• [Your goal]: What follows is a set of records. Retype them exactly, leaving out the pictures.

Source data:
========
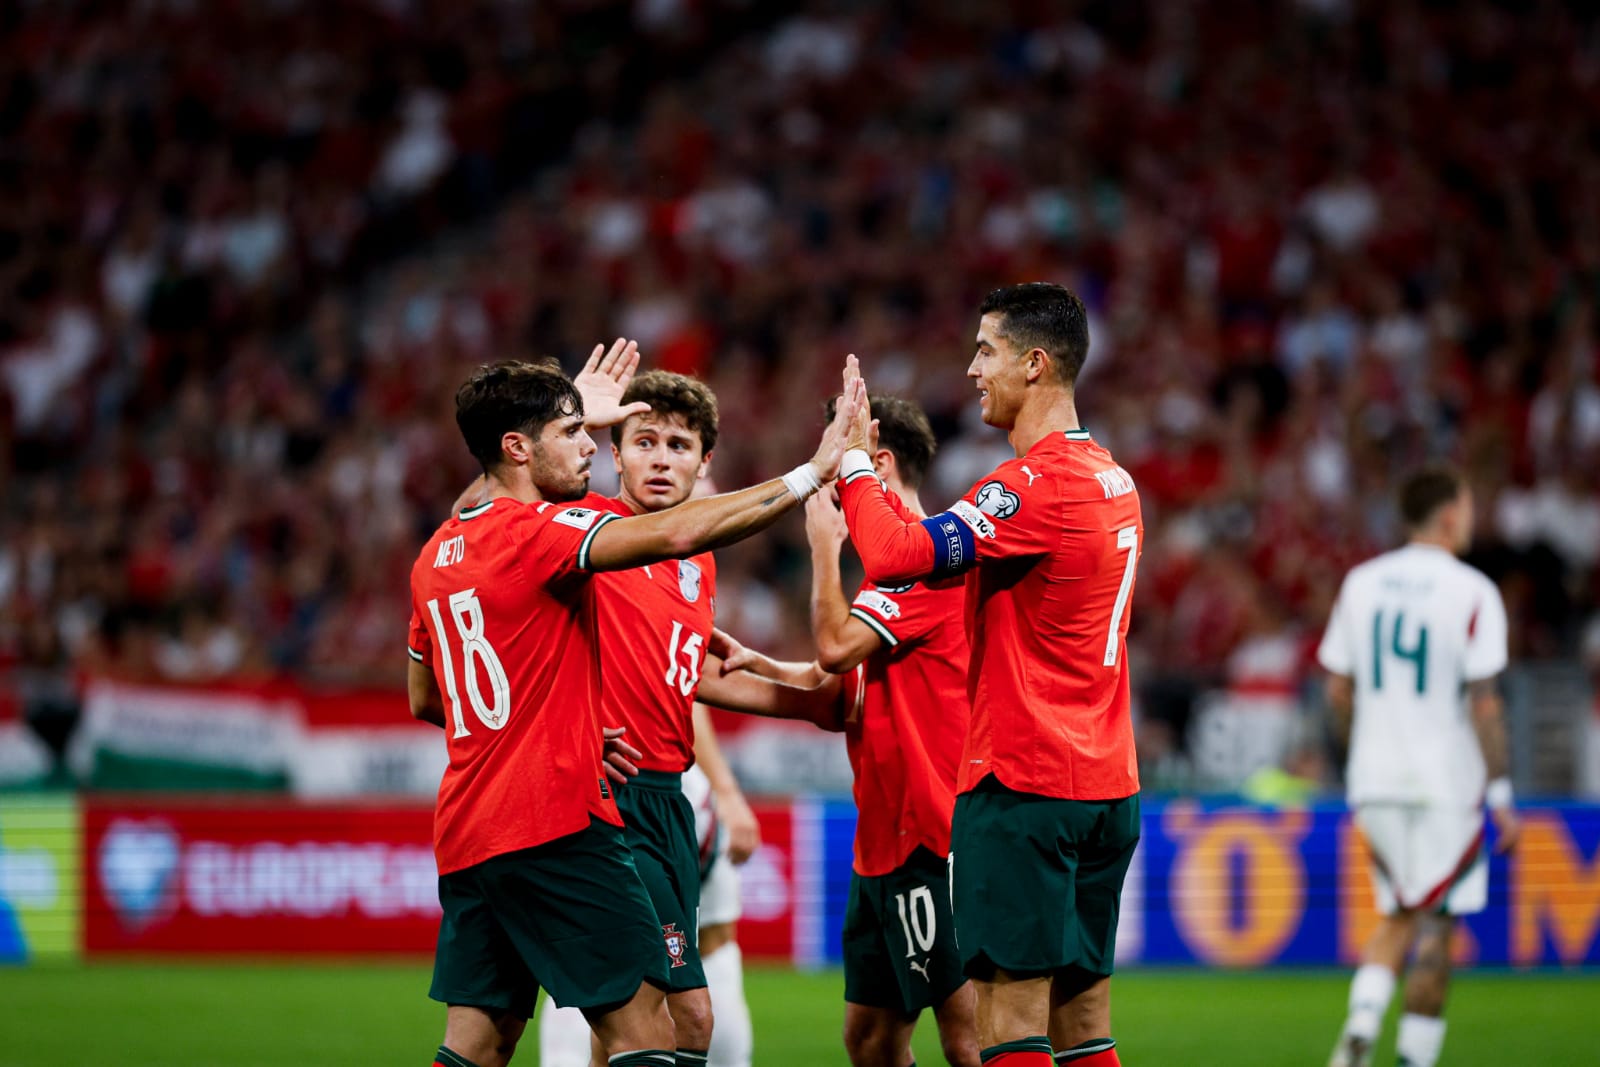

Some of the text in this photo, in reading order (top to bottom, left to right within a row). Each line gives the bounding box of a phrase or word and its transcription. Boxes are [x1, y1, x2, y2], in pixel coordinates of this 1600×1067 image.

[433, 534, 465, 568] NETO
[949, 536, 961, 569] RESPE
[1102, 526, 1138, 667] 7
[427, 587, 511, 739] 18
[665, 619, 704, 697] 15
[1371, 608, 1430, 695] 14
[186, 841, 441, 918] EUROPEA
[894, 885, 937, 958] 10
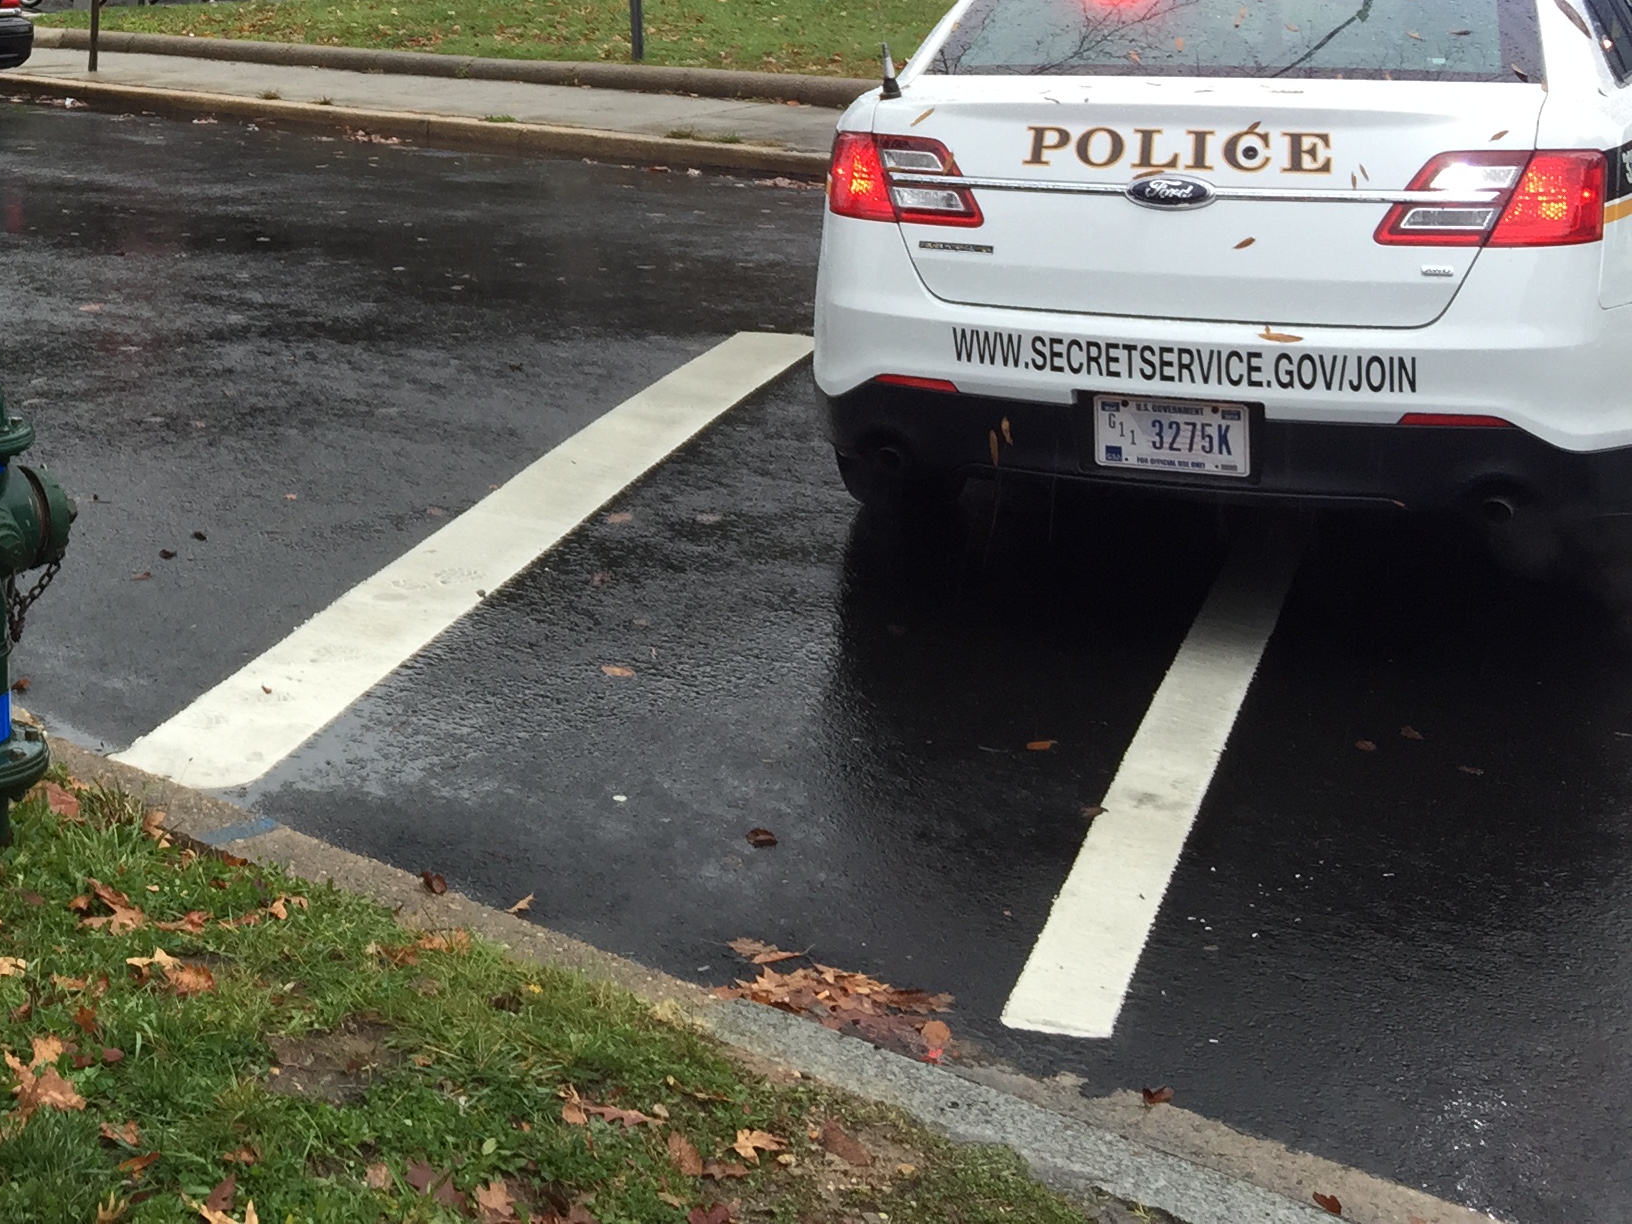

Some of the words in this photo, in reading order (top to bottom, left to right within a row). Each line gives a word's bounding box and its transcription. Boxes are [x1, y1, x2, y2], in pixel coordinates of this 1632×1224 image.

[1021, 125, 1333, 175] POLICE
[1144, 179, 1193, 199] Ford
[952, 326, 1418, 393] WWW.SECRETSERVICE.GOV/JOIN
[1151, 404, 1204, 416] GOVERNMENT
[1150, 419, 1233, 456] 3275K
========
• [Written answer]:
Some of the text in this photo, in reading order (top to bottom, left to right within a row). Each line gives the bounding box of a phrase or word and its transcription. Boxes are [x1, y1, x2, y2], in pixel coordinates of this 1600×1067 image.

[433, 534, 465, 568] NETO
[949, 536, 961, 569] RESPE
[1102, 526, 1138, 667] 7
[427, 587, 511, 739] 18
[665, 619, 704, 697] 15
[1371, 608, 1430, 695] 14
[186, 841, 441, 918] EUROPEA
[894, 885, 937, 958] 10

Some of the words in this photo, in reading order (top to bottom, left to right within a row). Each line gives a word's bounding box and its transcription. Boxes are [x1, y1, x2, y2], in pixel coordinates of this 1632×1224 image.

[1021, 125, 1333, 175] POLICE
[1144, 179, 1193, 199] Ford
[952, 326, 1418, 393] WWW.SECRETSERVICE.GOV/JOIN
[1151, 404, 1204, 416] GOVERNMENT
[1150, 419, 1233, 456] 3275K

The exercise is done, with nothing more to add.